Friday, 22 de November de 2024 ISSN 1519-7670 - Ano 24 - nº 1315

Último Segundo


SEGUNDO MANDATO
Alberto Dines


Portinari versus Lula, 23/02/07


‘O governo federal escolheu o lado errado na cruzada para evitar que o menino
João Hélio morra pela segunda vez com a vitória da impunidade. O pronunciamento
do presidente Lula na véspera do carnaval ao afirmar que a diminuição da
maioridade penal poderia chegar à condenação de fetos foi insensível, simplista
e beira a leviandade.


Se o governo encampou a convicção do seu quase ex-ministro Márcio Thomaz
Bastos de que está no caminho correto na luta contra a violência, não precisava
agredir a família enlutada e os milhões de brasileiros (sobretudo brasileiras)
solidários com a tragédia dos Vieites. A metáfora foi rasteira, fruto talvez da
sua obsessão em imaginar-se num eterno palanque. Qualquer que sejam os
atenuantes psicológicos da manifestação presidencial, a verdade é que o Chefe da
Nação aferra-se aos sofismas que lhe sopram nos ouvidos e, com isso, enfia-se
num bunker impermeável aos sentimentos dos milhões de concidadãos que
simplesmente estão com medo — medo de que as coisas só mudarão para pior. Foi
contestado abertamente pelos pais de João Hélio.


João Cândido Portinari, filho do nosso pintor maior, foi na direção
contrária: algo precisa ser feito já. Se os corações e mentes das autoridades
estão embrutecidos pelo jogo político, o caminho será a desobstrução das almas.
Optou pela comunhão e pela comunidade: abriu mão dos direitos autorais de cinco
mil obras do acervo que está sob sua guarda desde que sejam utilizadas em
mensagens contra a violência. Começou com um e-mail dirigido a duas mil pessoas,
logo ganhou as primeiras páginas dos jornais e destaques nos telejornais. Em
poucos dias, converteu-se num ícone de solidariedade.


Desenhos e esboços para o mural ‘Guerra e Paz’ que está há mais de meio
século na sede da ONU serão capazes de melhorar o mundo? A ‘Pietá’ de
Michelangelo, na qual Portinari inspirou-se para alguns detalhes, foi esculpida
há mais de 500 anos e mudou coisas essenciais na história da humanidade. E nossa
humanidade pode ser decisivamente alterada pelos traços trágicos do artista de
Brodosqui.
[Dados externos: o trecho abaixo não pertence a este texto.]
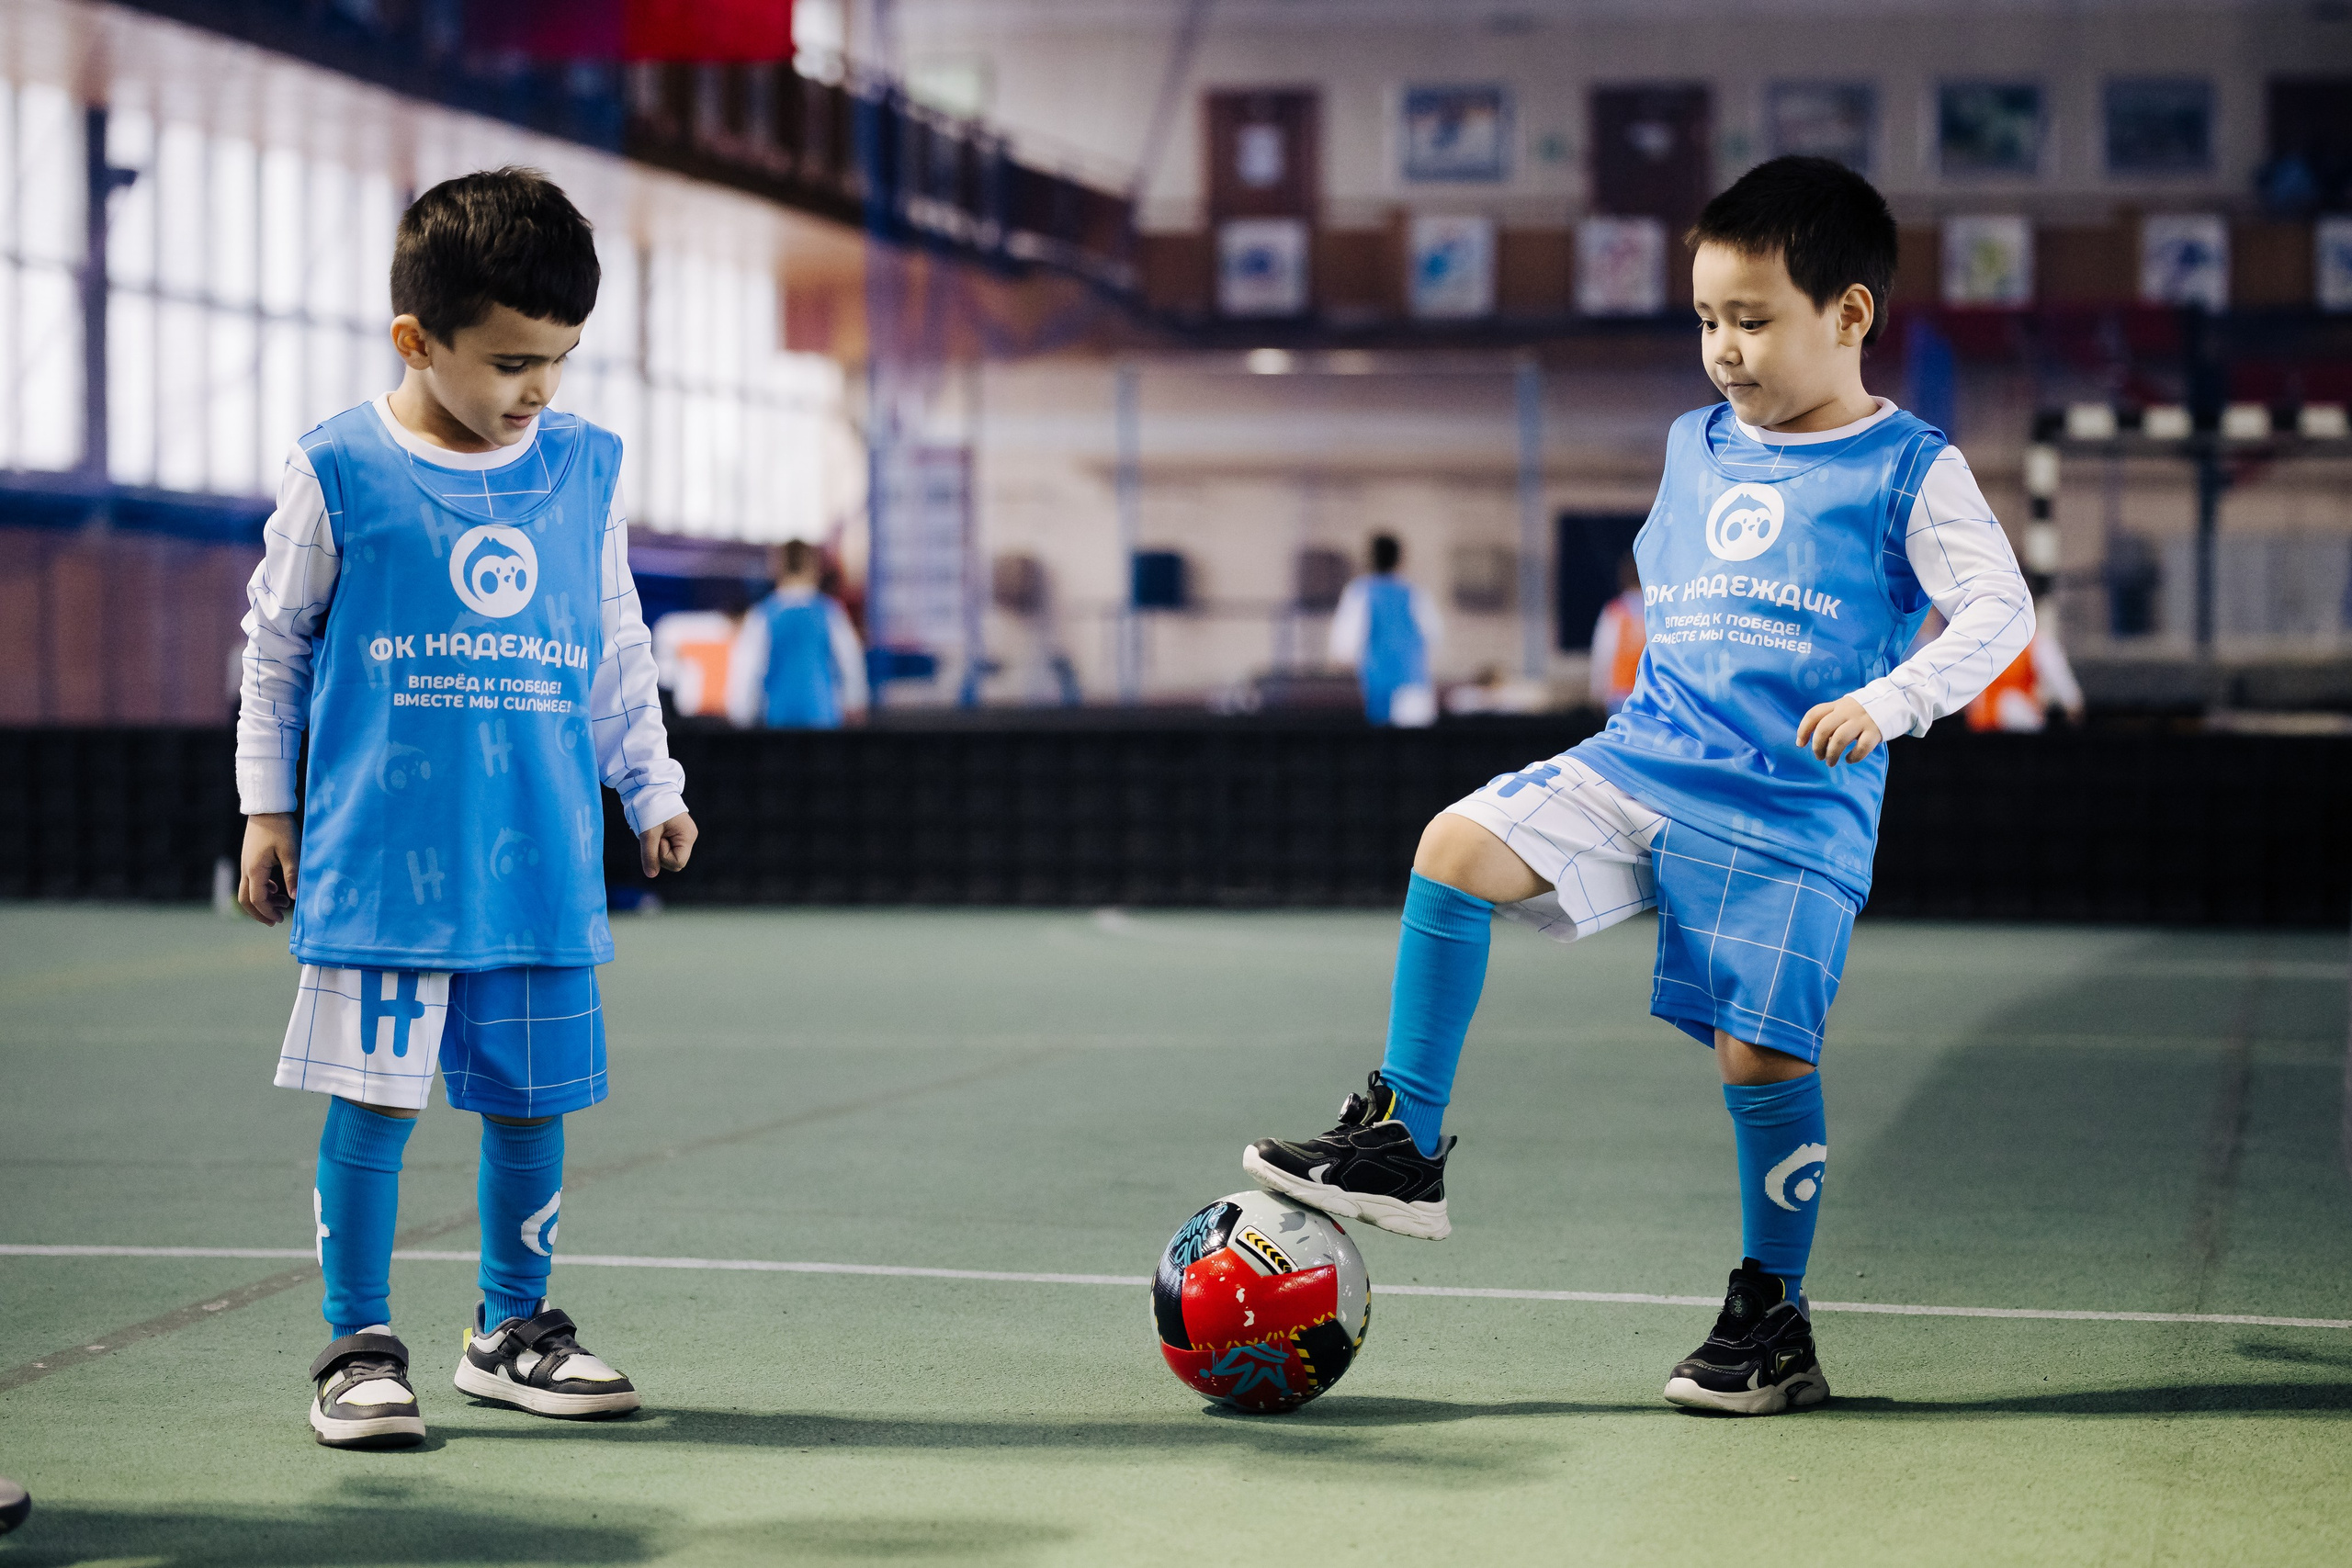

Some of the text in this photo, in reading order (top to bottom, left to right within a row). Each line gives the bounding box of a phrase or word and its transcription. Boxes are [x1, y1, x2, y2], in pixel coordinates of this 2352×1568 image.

[1681, 573, 1843, 620] НАДЕЖДИК
[1664, 612, 1802, 637] ВПЕРЁД К ПОБЕДЕ!
[369, 634, 417, 661] ФК
[1651, 628, 1813, 654] ВМЕСТЕ МЫ СИЛЬНЕЕ!
[408, 672, 562, 696] ВПЕРЁД К ПОБЕДЕ!
[393, 693, 572, 714] ВМЕСТЕ МЫ СИЛЬНЕЕ!
Se a violência só pode ser enfrentada como um processo (como apregoam
o ministro da Justiça e seus acólitos), este processo precisa ser constantemente
ativado por altas doses de emoção e humanidade.
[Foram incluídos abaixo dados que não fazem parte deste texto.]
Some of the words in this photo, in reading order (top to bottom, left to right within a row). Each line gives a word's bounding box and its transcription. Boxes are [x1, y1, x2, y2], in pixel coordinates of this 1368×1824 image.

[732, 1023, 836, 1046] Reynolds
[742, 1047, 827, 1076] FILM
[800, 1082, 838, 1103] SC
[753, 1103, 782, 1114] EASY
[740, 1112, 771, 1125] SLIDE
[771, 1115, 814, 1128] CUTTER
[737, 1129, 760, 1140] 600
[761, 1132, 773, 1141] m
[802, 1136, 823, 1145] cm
E não foi humanidade que o presidente Lula destilou ao mencionar os fetos.
Prometer o fim da violência para quando as escolas que começarão a ser
construídas receberem todas as crianças do país é um truque ideológico
simplório.


Neste ponto o presidente Lula lembra o seu colega da Casa Branca que se
recusou a assinar o Protocolo de Kyoto em defesa do meio-ambiente porque
acreditava que o processo econômico sozinho seria capaz de corrigir as
distorções e agressões à Natureza.


Processos sociais, políticos, econômicos e até mesmo existenciais não são
como os giroscópios, instrumentos automáticos, duradouros e infalíveis, ao
contrário, são constantemente confrontados por processos contrários e às vezes
mais fortes. O homem dos palanques Lula não tem obrigação de conhecer os
princípios elementares da dialética hegeliana mas o jurista Bastos não poderia
ignorá-la.


O tal ‘processo’ alegado pelo ministro Bastos na sua infeliz entrevista à
‘Folha’ nesta sexta lembra aquele outro processo inventado por Kafka, construção
absurda, verdadeira caricatura do engenho humano. Parecida, aliás, com as
teorias do incrível repórter Borat cujo non-sense começa a ser exibido nas telas
de cinema do país.


O processo Portinari oferece uma alternativa generosa ao processo messiânico
de Lula: tenta agregar, reunir os desgarrados, procura oferecer tarefas
coletivas justamente para evitar o vácuo e a solidão onde fermentam os
revanchismos.


Adiar mais uma vez a composição do ministério para Março como anunciou o
presidente Lula é um mal menor se comparado com o adiamento ‘sine-die’ das
nossas esperanças por um País melhor.’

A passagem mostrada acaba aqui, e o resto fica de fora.